Write out all of the entries that follow, word for word, but skip the pictures.

(Collected data)
Content starts

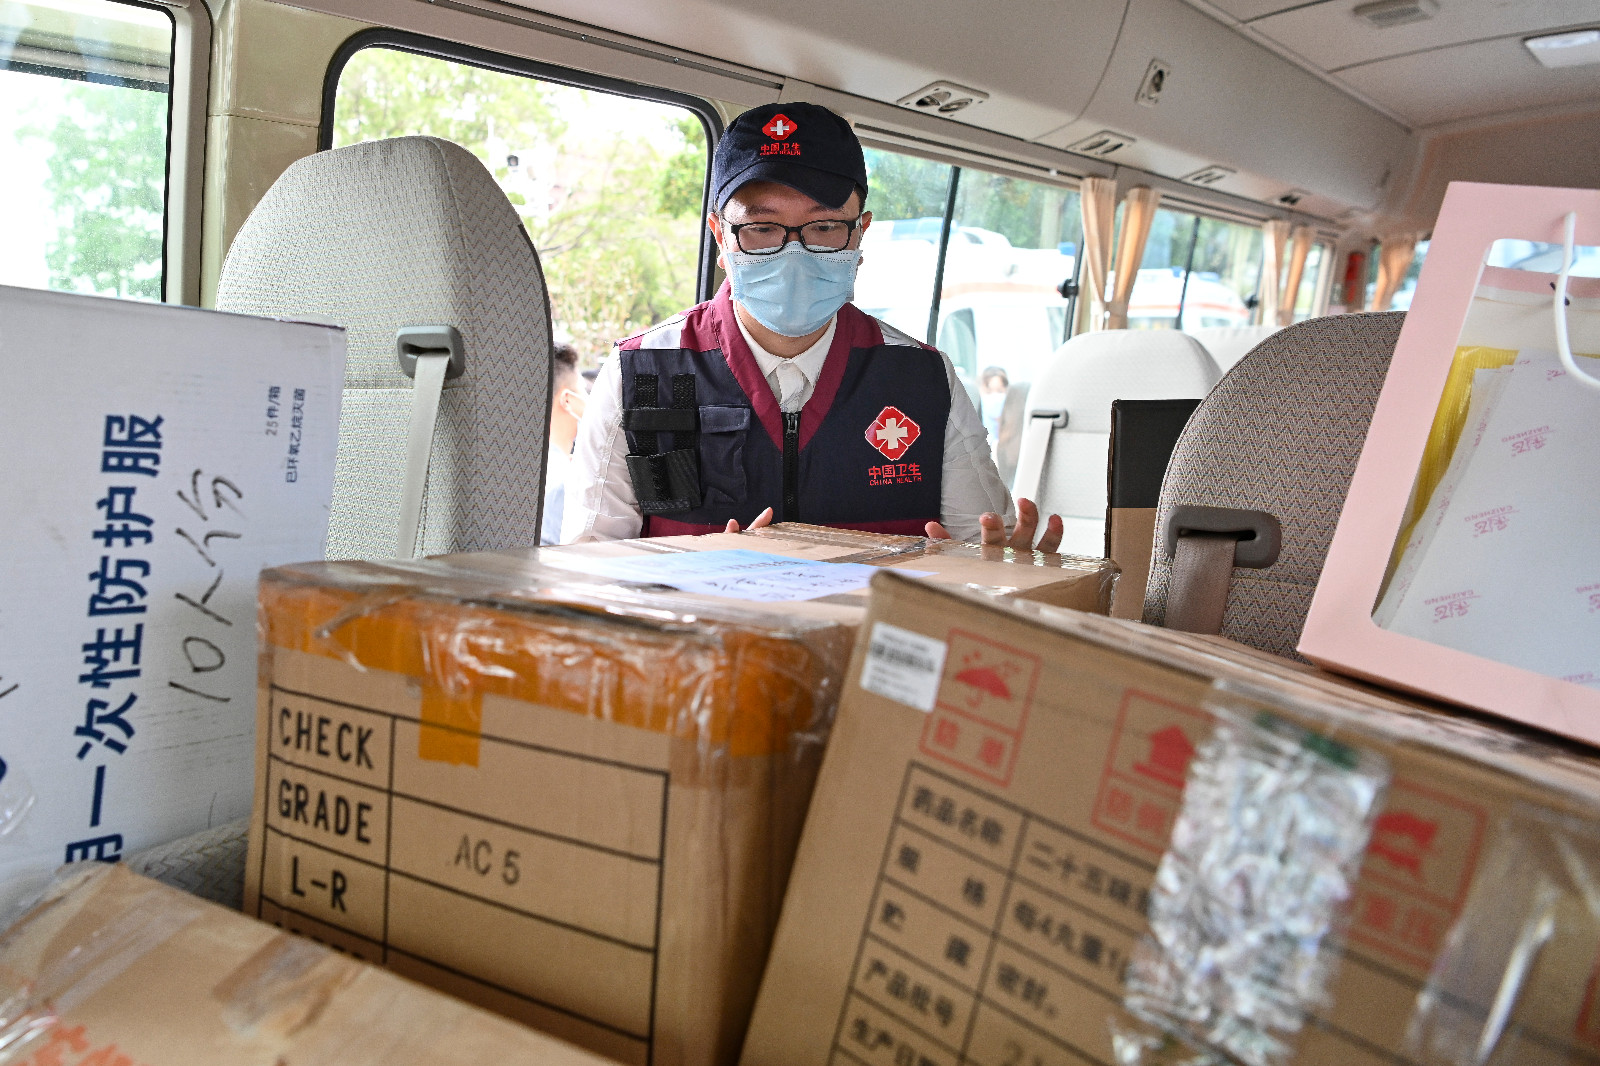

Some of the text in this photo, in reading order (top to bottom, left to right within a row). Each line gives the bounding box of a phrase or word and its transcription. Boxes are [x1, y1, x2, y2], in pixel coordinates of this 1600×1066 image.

[760, 142, 801, 153] 中国卫生
[266, 385, 281, 437] 25件/箱
[286, 388, 306, 484] 已环氧乙烷灭菌
[868, 462, 922, 479] 中国卫生
[869, 475, 923, 486] CHINA HEALTH
[278, 706, 375, 770] CHECK
[279, 778, 373, 845] GRADE
[290, 856, 347, 914] L-R
[454, 834, 521, 886] AC 5

Content ends

RESULT:
Some of the text in this photo, in reading order (top to bottom, left to right within a row). Each line gives the bounding box of a phrase or word and its transcription. Boxes are [x1, y1, x2, y2], in pixel coordinates of this 1600×1066 image.

[760, 142, 801, 153] 中国卫生
[266, 385, 281, 437] 25件/箱
[286, 388, 306, 484] 已环氧乙烷灭菌
[868, 462, 922, 479] 中国卫生
[869, 475, 923, 486] CHINA HEALTH
[278, 706, 375, 770] CHECK
[279, 778, 373, 845] GRADE
[290, 856, 347, 914] L-R
[454, 834, 521, 886] AC 5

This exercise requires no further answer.